Odwiedzin 37796935
Dziś 712
Środa 24 kwietnia 2024

 
 

Zapiski z przyjacielem w tle - słowo wstępne

 
 

Tekst: Ludomir Garczyński-Gąssowski

2001.03.28
 

Wieczór Szmilichowskiego, 23 III MMI, Instytut Polski w Sztokholmie.
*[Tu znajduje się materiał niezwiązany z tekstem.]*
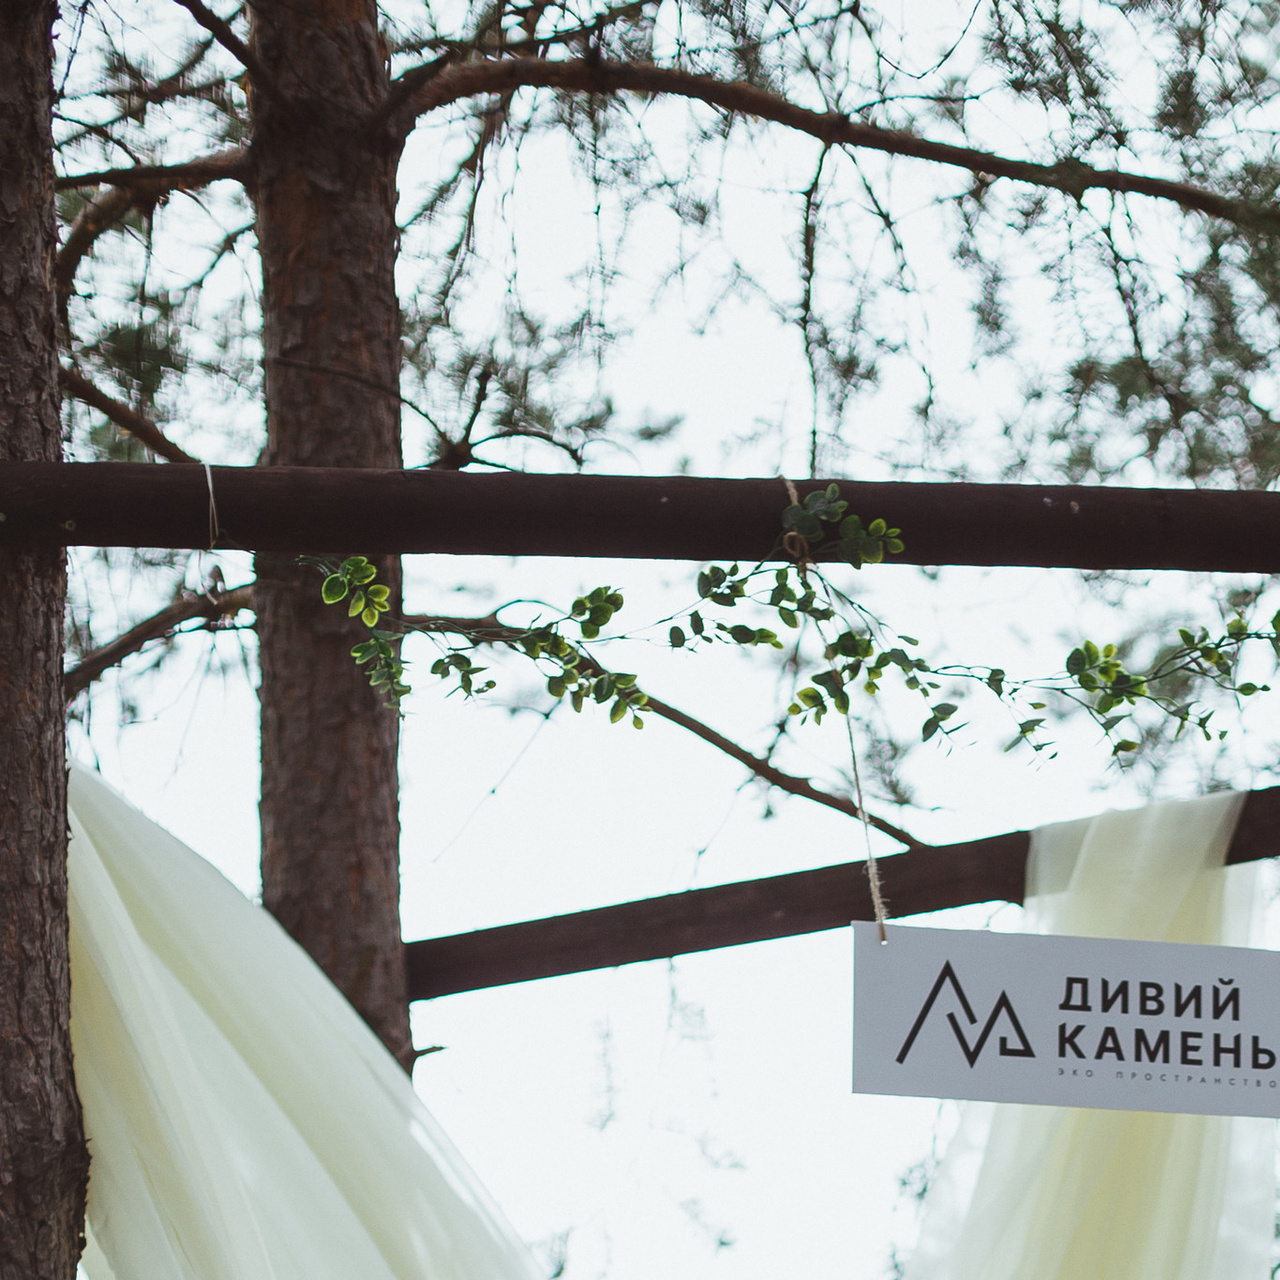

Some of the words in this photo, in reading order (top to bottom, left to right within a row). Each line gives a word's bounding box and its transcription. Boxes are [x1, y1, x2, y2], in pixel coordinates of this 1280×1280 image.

Dzień dobry Państwu, widzę po twarzach, że będę miał trudne zadanie. Zgodziłem się do prezentowania książki mojego przyjaciela Andrzeja, kiedy jeszcze nie miałem jej w ręku. Tytuł ZAPISKI z PRZYJACIELEM w TLE sugerował że będzie to rodzaj intymnego dziennika. Takiego jaki do literatury wprowadzili bracia Edmunt i Jules Goncourtowie jeszcze w połowie XIX wieku, a w literaturze polskiej Gombrowicz i Herling-Grudziński. Poza tym myślałem, że tym tytułowym przyjacielem jestem ja. Nic z tego. To nie jest dziennik natomiast są to charakterystyki różnych okazów fauny emigracyjnej.

Parę słów o wydawnictwie:
Świetnie się rozwijające wydawnictwo POLONICA wydało już dwie heliograficzne książki o Polakach w Szwecji, gdzie każdy zainteresowany pisał sobie laurkę. (szczególnie w pierwszej edycji). Więc nic dziwnego, że wydawnictwo postanowiło pokazać nas z innej tej gorszej strony i wydało książkę Eugeniusza Wiśniewskiego, w której jednak bohaterowie należeli do bardzo zawężonego kręgu znajomych autora z okresu wspólnej pracy. Ale to był margines i to do tego raczej nie czytający. Więc skandalu nie było. Następna próba wydawnictwa była dużo ambitniejsza. POLONICA wydrukowała jeden rozdział z książki Jana Laptera i zapowiedziała ewentualne wydanie całości. Potem jednak zrezygnowała z tego pomysłu. I chyba słusznie. Obecnie wydawnictwo poszło na całość i chwała mu za to.

Teraz o autorze:
W takich wypadkach mówi się autora przedstawiać nie trzeba przypomnę jednak parę faktów z jego drogi twórczej. Zjawił się w Szwecji w 1972 jako młodzieniec już dobrze po trzydziestce. W Peerelu wiódł życie szarego obywatela ubarwione występami w znanych teatrach studenckich takich jak BIM-BOM i TO TU, przedtem występował w pierwszych w Polsce zespołach rockowych RYTHM&BLUS i CZERWONO-CZARNI (wtedy to jeszcze nie była nazwa aluzyjna). Wiem także że debiutował w druku w fachowym piśmie RYNKI ZAGRANICZNE.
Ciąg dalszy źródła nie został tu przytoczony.